Roving Reporters turn Detectives!
Before half-term a very mysterious event happened in the classroom of Roving Reporters.
As we returned to class after break, a shocking scene met our eyes! A cup of tea had been spilt all over some Maths worksheets that we were supposed to be using in our learning!
We were all shocked, and an emergency meeting was called on the carpet. As no-one admitted to the crime, we had to turn into detectives to discover who had left such a mess behind. As we set to work, strange and unusual things were discovered.

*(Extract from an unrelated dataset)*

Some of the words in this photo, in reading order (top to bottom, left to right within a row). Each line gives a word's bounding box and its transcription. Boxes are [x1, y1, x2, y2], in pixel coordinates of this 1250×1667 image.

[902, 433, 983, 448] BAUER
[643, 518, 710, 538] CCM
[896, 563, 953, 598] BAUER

First of all we looked at the crime scene. Could we recognise the mug (a black, small one). Had anyone spotted anyone drinking from it? As time went on, a screwed up note was found on the floor underneath the unit of trays. Written in rushed, red writing was the word 'Sorry'. Excellent! We had our first concrete clue. We compared this against other handwriting samples and everyone wrote 'Sorry' to prove their innocence. No-one in the class was guilty!
A little while later we discovered our next clue. Hidden behind the basket of high-visibility jackets was a shoe. How unusual! It was a black and white plimpsole. Did it belong to a man or a woman? Who do we know with Size 9 feet? These were just some of the questions we asked, as our minds started ticking over and we attemped to piece things together.

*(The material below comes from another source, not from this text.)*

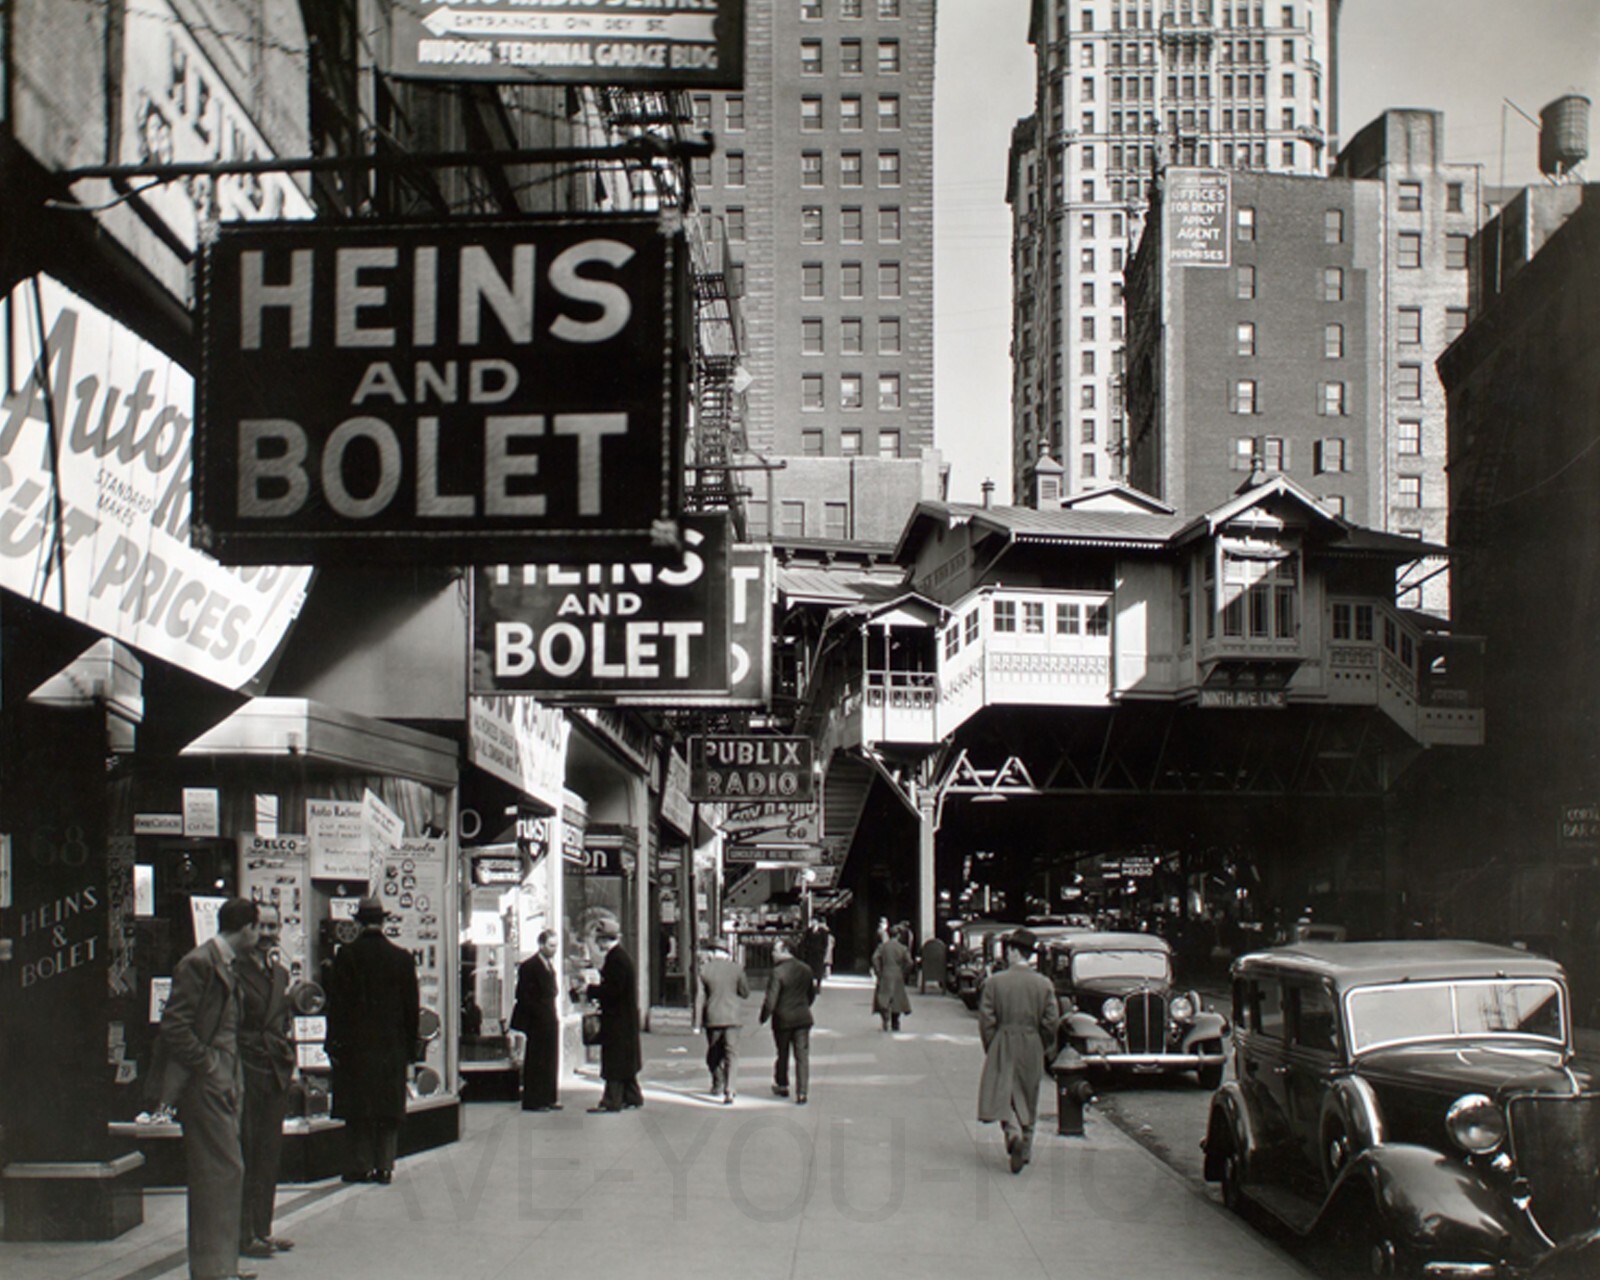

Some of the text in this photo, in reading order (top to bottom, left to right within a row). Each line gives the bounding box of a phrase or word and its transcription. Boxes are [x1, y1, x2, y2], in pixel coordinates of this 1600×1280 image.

During our investigations, we had a visitor into the classroom. Ms Breach had come to borrow something. She was quizzed about the incident - did she know anything? After answering our questions, she left the classroom with "a grin on her face". Was this a sign of guilt? After much deliberation, we called Ms Breach back in and quizzed her further. e came to the conclusion that she was not the tea spiller as she still has both shoes on her feet!

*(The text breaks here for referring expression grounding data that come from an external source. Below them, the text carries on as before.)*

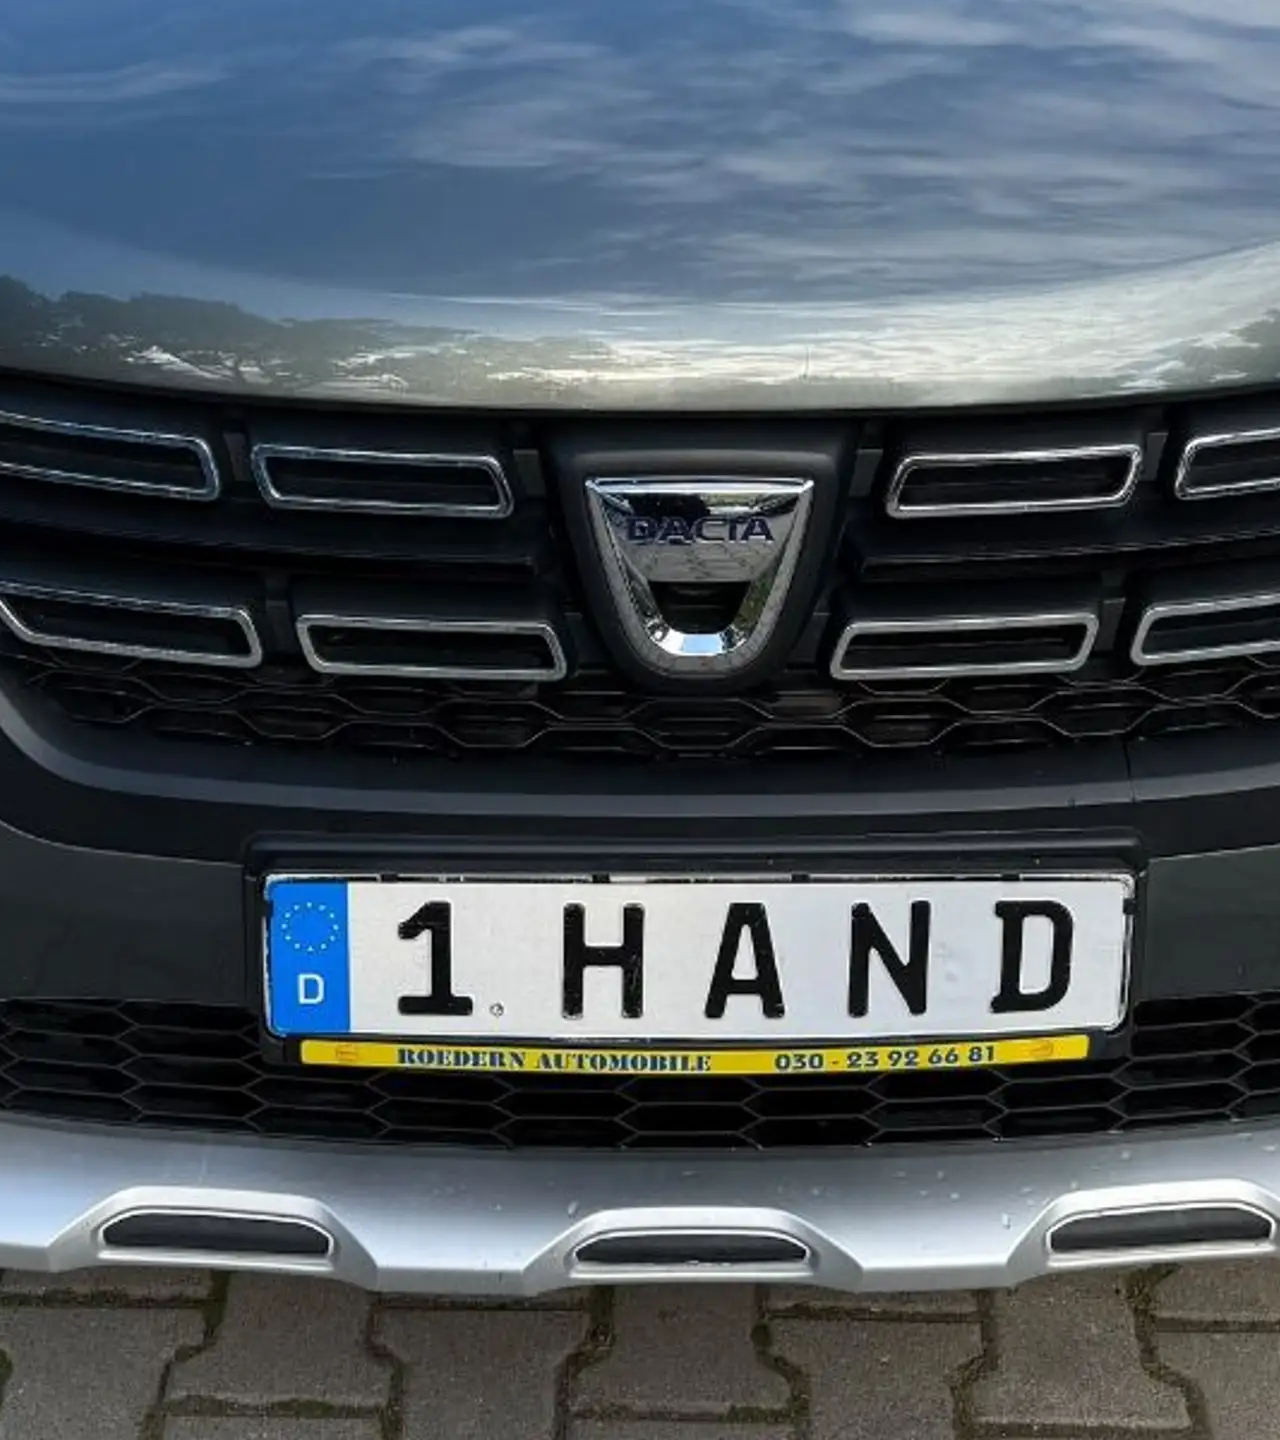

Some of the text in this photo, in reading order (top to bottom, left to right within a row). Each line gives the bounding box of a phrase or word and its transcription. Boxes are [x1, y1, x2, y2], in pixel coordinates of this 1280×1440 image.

[625, 515, 774, 545] DACIA
[561, 899, 1075, 1020] HAND
[297, 973, 325, 1006] D
[396, 1047, 526, 1068] ROEDERN
[536, 1052, 712, 1072] AUTOMOBILE
[774, 1053, 824, 1070] 030
[846, 1051, 880, 1069] 23
[886, 1048, 920, 1067] 92
[927, 1047, 960, 1065] 66
[966, 1044, 996, 1063] 81

We returned to the shoe. This was our strongest piece of evidence and one that would give us the best chance of catching the culprit. We had drawn up a list of suspects - could any of them fit this shoe?
And then, an observation relayed by Harrison C. informed the class that he remembered Miss Hocking wearing shoes similar to the one found earlier that day! Surely not - it can't have been Miss Hocking!! As Mr Byrne-Smith went to collect Miss Hocking for questioning the whole class agreed that it can't have been Miss Hocking - we must have got it wrong!
But as she entered the classroom we all looked down at her feet, and sure enough one was without a shoe! "Does this belong to you?" we asked, presenting her with shoe. "Yes" she replied. At that moment, she admitted everything. She had accidently spilt the tea. So she left a note before hearing the bell ringing and rushing out the classroom to collect her class from the playground.
Some still doubt to this day that it was Miss Hocking who spilt the cup of tea. The evidence discovered certainly suggests she was the main suspect though.